Beijing Commune is proud to announce the exhibition of Shang Yixin opening on November 19th, 2013. The show is young artist Shang Yixin’s first solo exhibition at Beijing Commune. The exhibition will continue until January 4th, 2014.
Since 2008, Shang Yixin has searched for a new medium to express his thinking. From 2008 to 2011, Shang created a series of light installations on the mutually constraining relationship between light source, object, and shadow. This group of artworks directly influenced Shang’s work on canvas. He has reduced the elements on the canvas down to the most simple–the square. In 2011, Shang chose the square as the sole element in his creative practice. In his works, squares have been reduplicated into a matrix. Their interconnections form a structure, a totalising organistion. Each work is the result of multiple layers of overlayed square matrices. As Shang says, ‘I control each square matrix in both the opacity and saturation I desire. Each layer’s overlay, the square matrix altered--enlarged, shrunk, shifted, comprising a half-translucent overlay--according to certain rules, disrupts the order produced and established by the previous layer while also building a new order. The form of the square matrices gradually becomes hazy and dissolves within the picture plane, becoming indeterminable. What emerges and replaces it is the ‘trajectory’ of this change, which gradually becomes stronger and more prominent. Each action enacted upon the square matrices influences the form of this ‘trajectory’ and is subsumed within it.’
In his 2013 works, Shang makes these experiments more precise and emphasizes the intensity of the artwork. The result is a static tension that is produced within the structure of the arrangements, a dialectic of stillness and movement. This ‘tension’ is brought about by various orders, rules, and rhythms. In 1013-4-2500, 13945-90-2500, and other works in the exhibition, squares are tightly arranged on the canvas. The artist hopes that through the juxtaposition and interconnection of these elements, he might incorporate his original reflections on visual logic into a broader mode of thinking that is meaningless yet contains an accumulation of operations.

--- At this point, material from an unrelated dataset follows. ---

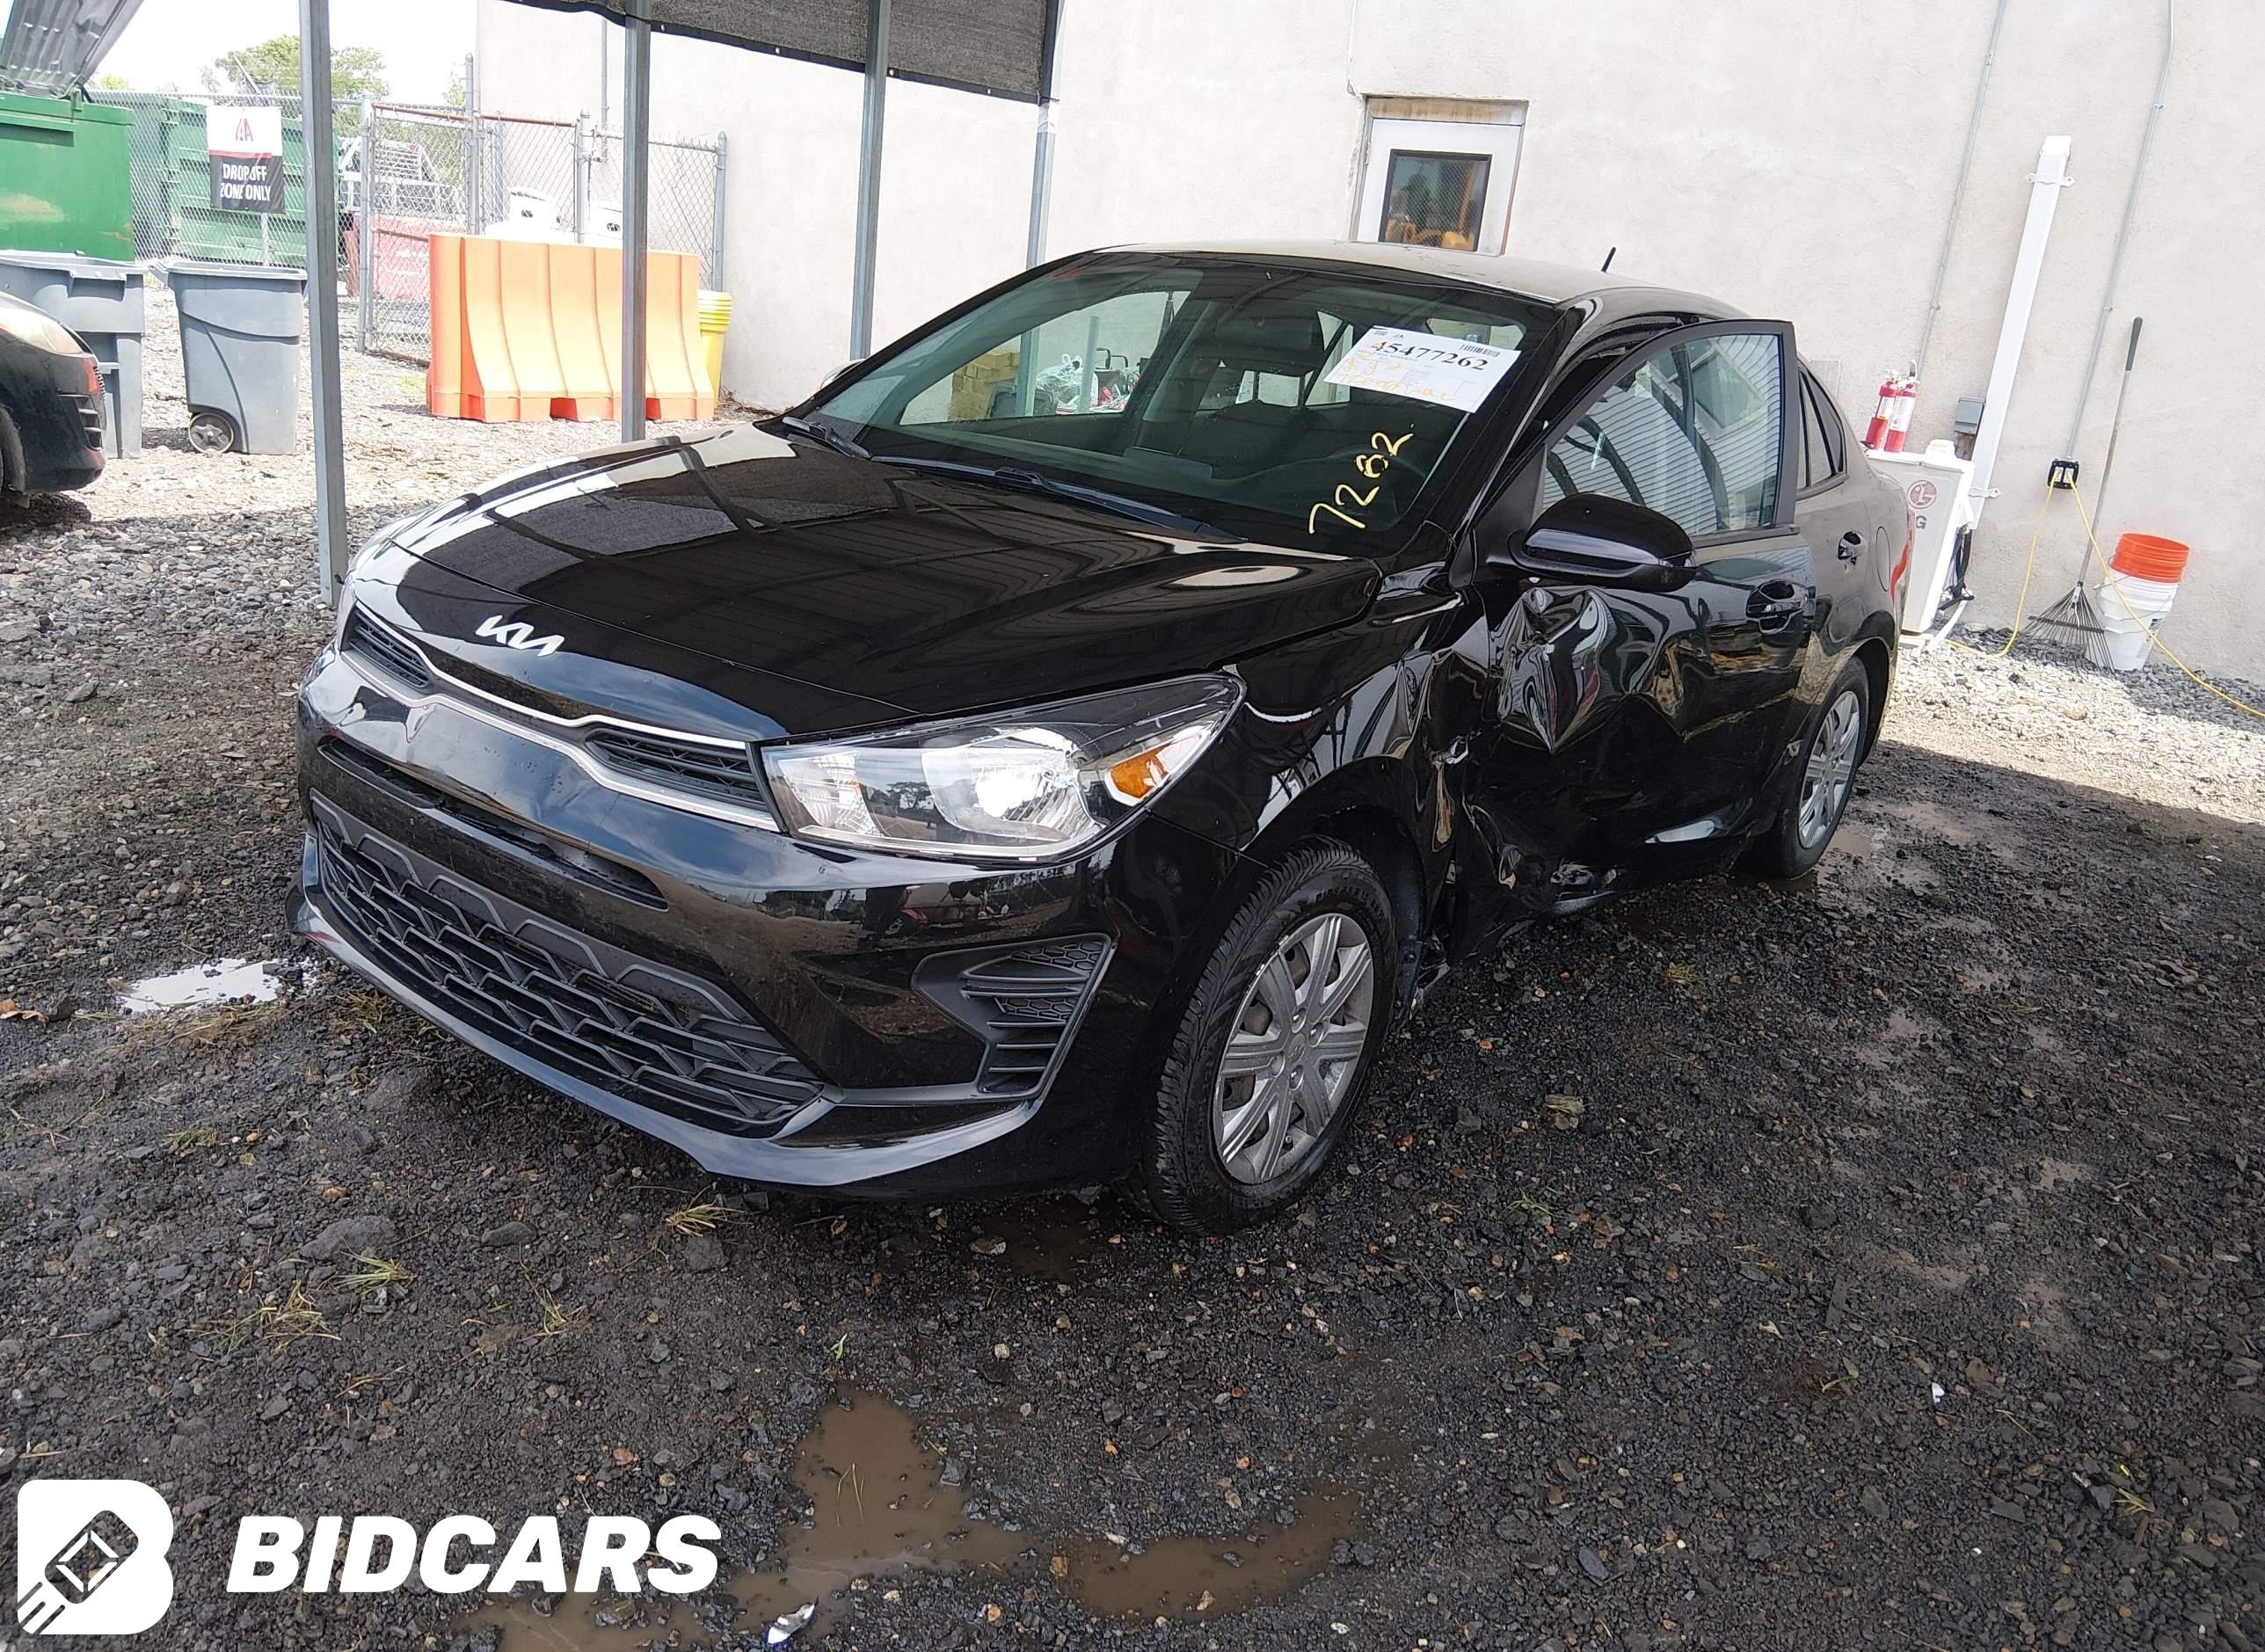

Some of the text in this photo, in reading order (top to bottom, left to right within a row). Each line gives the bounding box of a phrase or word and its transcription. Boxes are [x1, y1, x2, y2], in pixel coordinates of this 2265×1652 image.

In these new works, Shang Yixin also reduces their colour to black and white, or black and yellowish white. This makes his experiments more targeted, focusing on the different visual intensities produced by layers of greyscale and the final black and white contrast. His works thereby regain a sort of post-expansion sense of harmony within this new order. He uses carving software to produce adhesive tape for the square matrix he desires, which he affixes to the canvas. He then uses pressurised sprays to distribute blended acrylic or concentrated ink onto the adhesive tape, which has been affixed to the canvas in different proportions. The artist’s control over the tone and saturation of the pigment is rooted in his constant experimentation. As a result, in the course of rationally, consciously arranging and planning the work, its ‘trajectory’ is slowly generated. In other words, Shang’s practice does not engage cultural phenomena or emotional expression; rather, it is a rational appeal achieved through a process of sensorial experimentation.
Shang Yixin was born in 1980. He graduated from China Academy of Art (MFA) in 2007 and currently lives and works in Hangzhou. As one of emerging young artists, his works recently have been shown in many group exhibitions, such as Daily of Concept: A Practice of Life - The Fifth Shanghai Duolun Youth Art Exhibition at Shanghai Duolun Museum of Modern Art in Shanghai (2012), and ON | OFF: China’s Young Artists in Concept and Practice at Ullens Center for Contemporary Art in Beijing (2013). His works will also be included in Rubell family collection new exhibition 28 Chinese, Miami (December 4th, 2013 - August 1st, 2014).
Shang Yixin was born in 1980 in Wenzhou, Zhejiang province. In 2007 he graduated from the China Academy of Art Department with an MFA in Oil Painting. Currently he lives and works in Hangzhou. His works have been exhibited in Mingsheng Art Museum, Beijing (2017); How Art Museum, Wenzhou (2015); San Antonio Museum of Art, Texas, U.S. (2015); Asian Art Museum, San Francisco, U.S. (2015); Art Museum of Nanjing University of the Arts, Nanjing (2013); Rubell Family Collection and Contemporary Arts Foundation, Miami, U.S. (2013); Central Acaedmy of Fine Arts Art Museum, Beijing (2012); Ullens Center for Contemporary Art, Beijing (2013); The Gallery of China Academy of Art, Hangzhou (2011); Times Art Museum, Beijing (2010); Medium Art Centre, Beijing (2009); Liu Haisu Art Museum, Shanghai (2006); Zendai Museum of Modern Art, Shanghai (2006), etc.
Founded in 2004, Beijing Commune is now located in 798 Art Factory, Beijing. Its initial programs were mainly group shows exploring various currents in contemporary art while now it primarily focuses on solo shows to carry on the in-depth research.